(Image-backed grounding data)
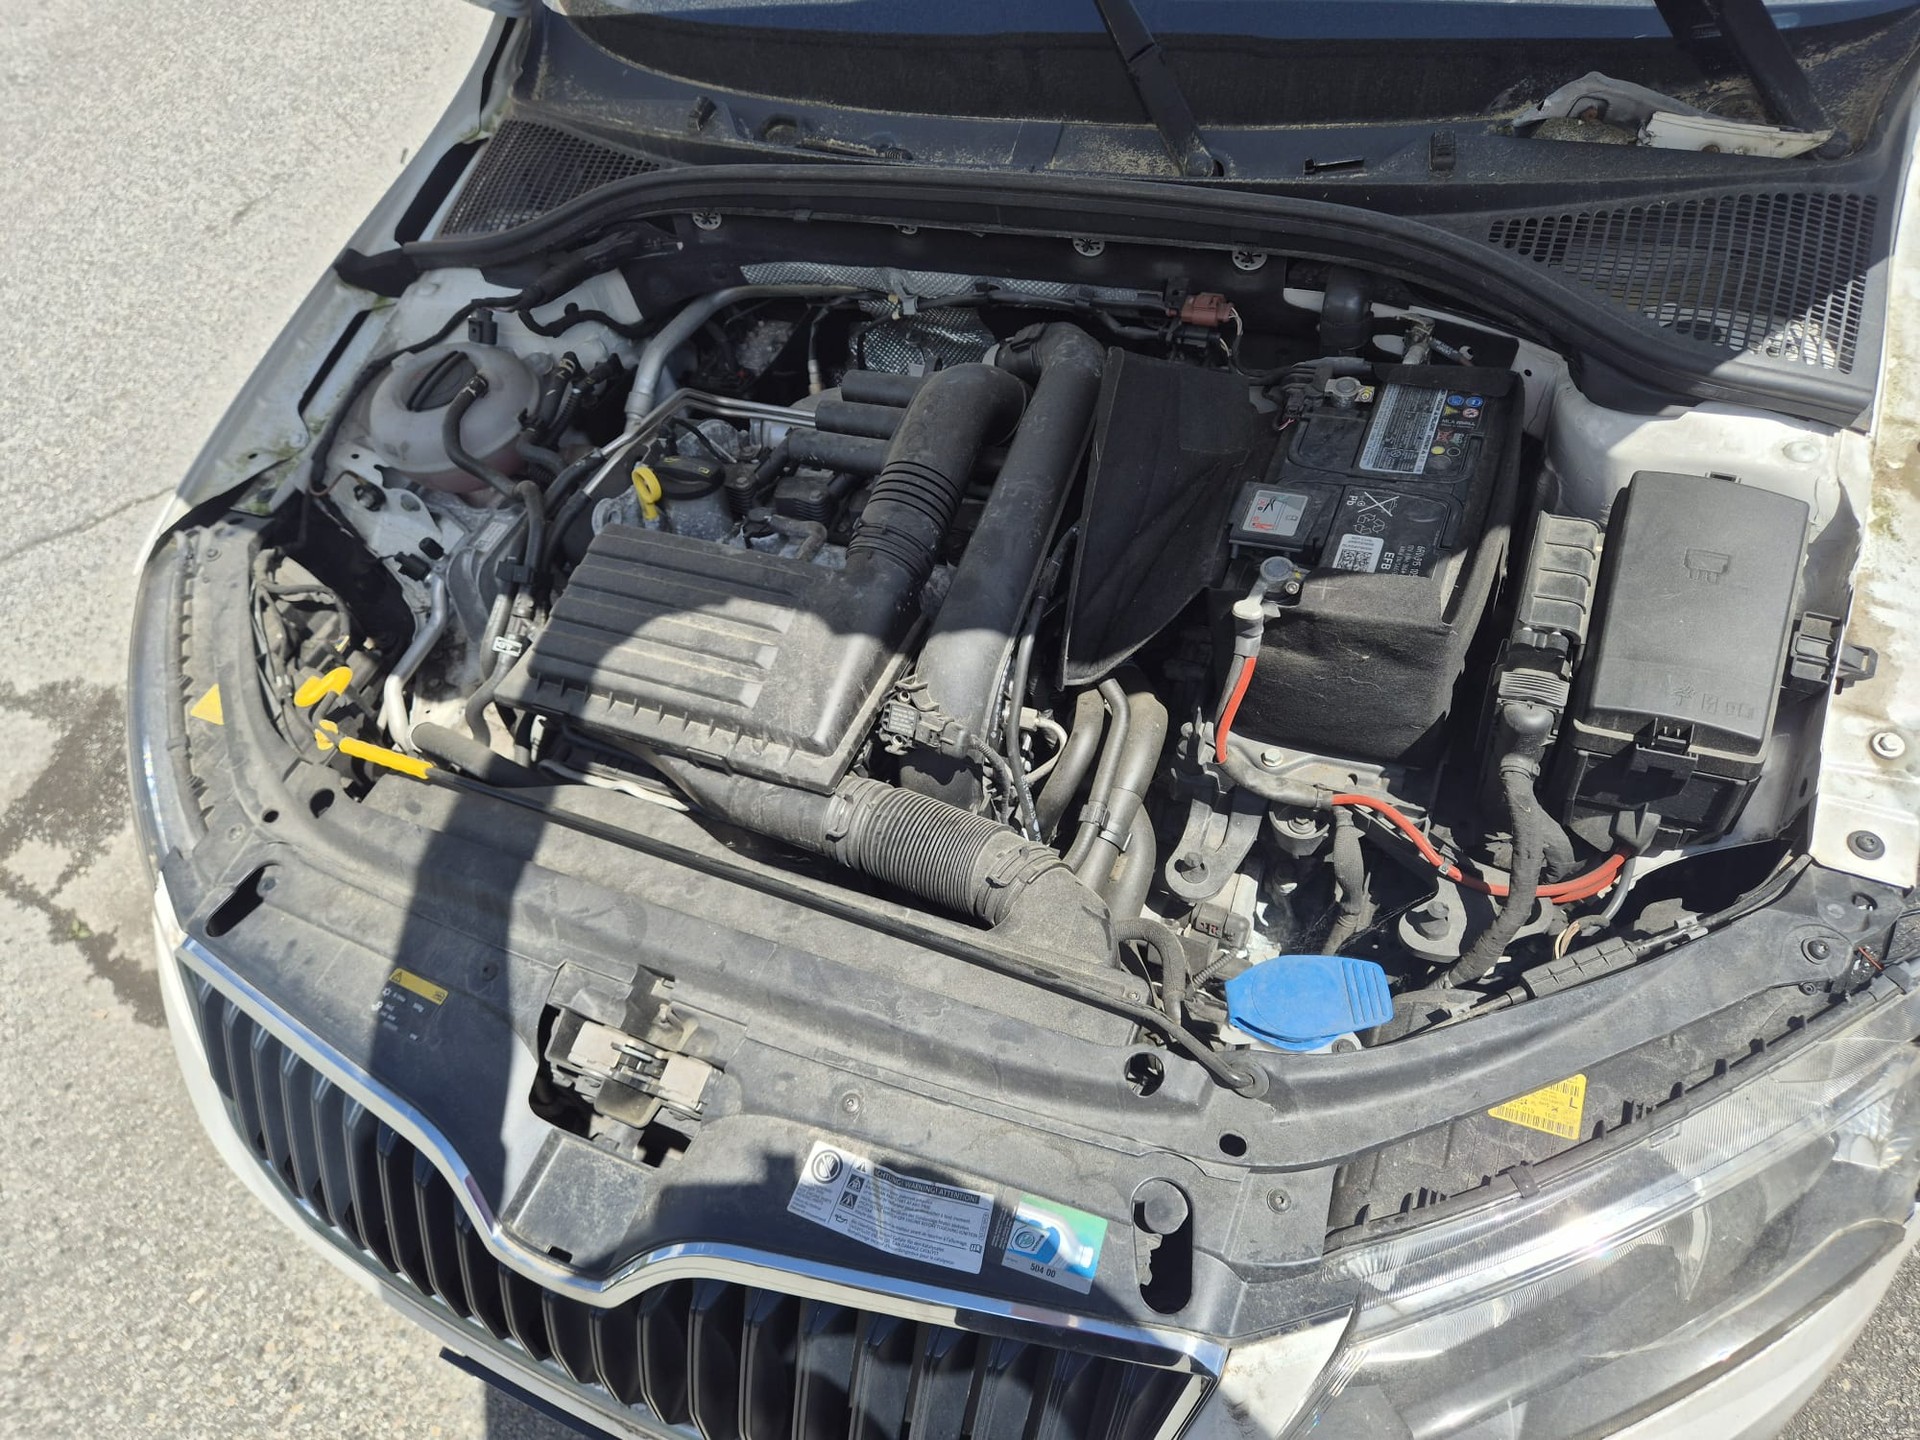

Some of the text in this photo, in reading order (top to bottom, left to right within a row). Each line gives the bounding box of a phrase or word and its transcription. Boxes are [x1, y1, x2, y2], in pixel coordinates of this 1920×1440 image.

[1346, 495, 1358, 505] Pb
[1380, 551, 1395, 570] EFB
[1569, 1096, 1578, 1109] L
[905, 1180, 938, 1195] WARNING!
[940, 1188, 978, 1204] ATTENTION!
[1030, 1262, 1056, 1278] 504 00
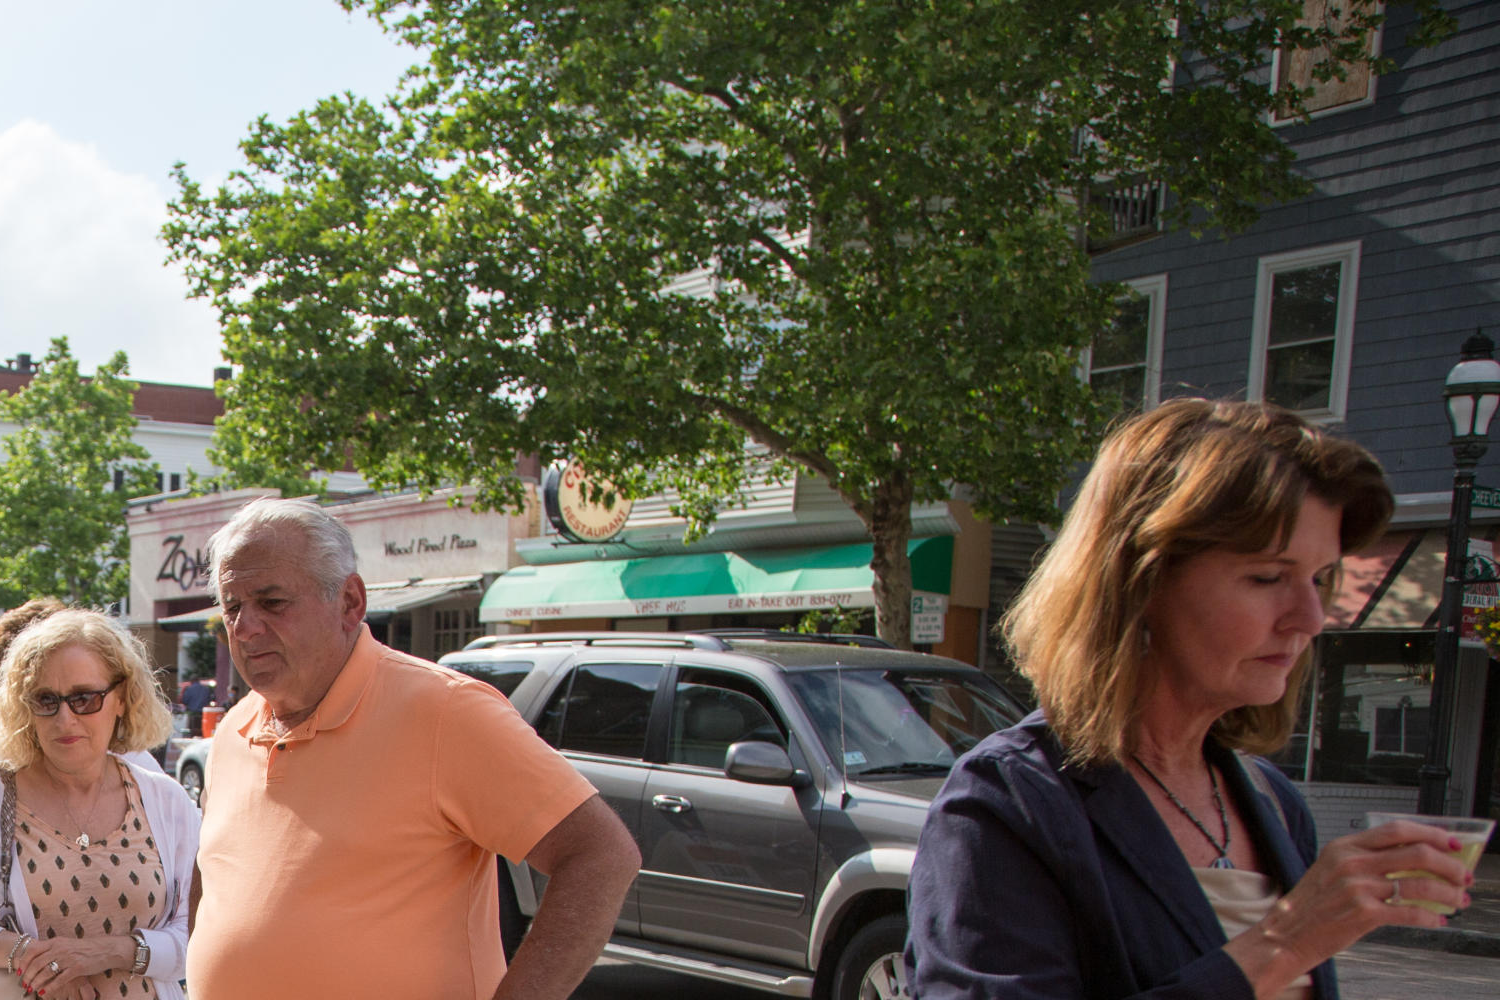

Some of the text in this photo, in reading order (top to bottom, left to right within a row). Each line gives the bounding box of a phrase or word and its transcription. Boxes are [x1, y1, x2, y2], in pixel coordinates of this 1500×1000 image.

ACTIVITY: In the transcription, every picture is to be excluded and the records above given again exactly.

RESULT FOR THIS TASK:
Some of the text in this photo, in reading order (top to bottom, left to right within a row). Each line gives the bounding box of a phrase or word and its transcription. Boxes are [x1, y1, x2, y2], in pixel coordinates of this 1920×1440 image.

[1346, 495, 1358, 505] Pb
[1380, 551, 1395, 570] EFB
[1569, 1096, 1578, 1109] L
[905, 1180, 938, 1195] WARNING!
[940, 1188, 978, 1204] ATTENTION!
[1030, 1262, 1056, 1278] 504 00

Some of the text in this photo, in reading order (top to bottom, left to right within a row). Each line gives the bounding box of a phrase or word and its transcription. Boxes are [x1, y1, x2, y2], in pixel coordinates of this 1500×1000 image.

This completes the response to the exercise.